Analysts at Wedbush Securities wrote in a note after the decision that the ruling “removed a huge overhang” on Google’s stock and a “black cloud worry” that hung over Apple. Further, they said it clears the path for the companies to pursue a bigger artificial intelligence deal involving Gemini, Google’s AI models.
“This now lays the groundwork for Apple to continue its deal and ultimately likely double down on more AI related partnerships with Google Gemini down the road,” the analysts wrote.
Mehta explained that a major factor in his decision was the emergence of generative AI, which has become a much more competitive market than traditional search and has dramatically changed the market dynamics.
New players like OpenAI, Anthropic and Perplexity have altered Google’s dominance, Mehta said, noting that generative AI technologies “may yet prove to be game changers.”
On Friday, Alphabet investors shrugged off a separate antitrust matter out of Europe.
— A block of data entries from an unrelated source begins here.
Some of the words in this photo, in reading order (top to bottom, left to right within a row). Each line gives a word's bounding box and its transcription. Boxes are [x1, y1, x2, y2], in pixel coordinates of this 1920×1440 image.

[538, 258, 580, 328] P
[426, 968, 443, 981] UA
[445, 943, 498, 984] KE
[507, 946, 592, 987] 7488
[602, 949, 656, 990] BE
The company was hit with a 2.95-billion-euro ($3.45 billion) fine from European Union regulators for anti-competitive practices in its advertising technology business.
Broadcom pops
While OpenAI was an indirect catalyst for Google and Apple this week, it was more directly tied to the huge rally in Broadcom’s stock.
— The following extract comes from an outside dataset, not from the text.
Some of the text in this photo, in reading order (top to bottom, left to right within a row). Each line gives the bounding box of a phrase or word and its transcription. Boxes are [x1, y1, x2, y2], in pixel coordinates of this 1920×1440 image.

Following Broadcom’s better-than-expected earnings report on Thursday, CEO Hock Tan told analysts that his chipmaker had secured a $10 billion contract with a new customer, which would be the company’s fourth large AI client.
Several analysts said the new customer is OpenAI, and the Financial Times reported on a partnership between the two companies.
Broadcom is the newest entrant into the trillion-dollar club, thanks to the company’s custom chips for AI, already used by Google, Meta and TikTok parent ByteDance. With Its 13% jump this week, the stock is now up 120% in the past year, lifting Broadcom’s market cap to around $1.6 trillion.
“The company is firing on all cylinders with clear line of sight for growth supported by significant backlog,” analysts at Barclays wrote in a note, maintaining their buy recommendation and lifting their price target on the stock.
For the other giant AI chipmaker, the past week wasn’t so good.
Nvidia shares fell more than 4% in the holiday-shortened week, the worst performance among the megacaps. There was no apparent negative news for Nvidia, but the stock has now dropped for four consecutive weeks.
Still, Nvidia remains the largest company by market cap, valued at over $4 trillion, with its stock up 56% in the past 12 months.
Microsoft also fell this week and is on an extended slide, dropping for five straight weeks. Shares are still up 21% over the last 12 months.
On the flipside, Tesla has been the laggard in the group. Shares of the electric vehicle maker are down 13% this year due to a multi-quarter sales slump that reflects rising competition from lower-cost Chinese manufacturers and an aging lineup of EVs.
But Tesla shares climbed 5% this week, sparked mostly by gains on Friday after the company said it wants investors to approve a pay plan for Musk that could be worth up to almost $1 trillion.
The payouts, split into 12 tranches, would require Tesla to see significant value appreciation, starting with the first award that won’t kick in until the company almost doubles its market cap to $2 trillion.
Tesla Chairwoman Robyn Denholm told CNBC’s Andrew Ross Sorkin the plan was designed to keep Musk, the world’s richest person, “motivated and focused on delivering for the company.”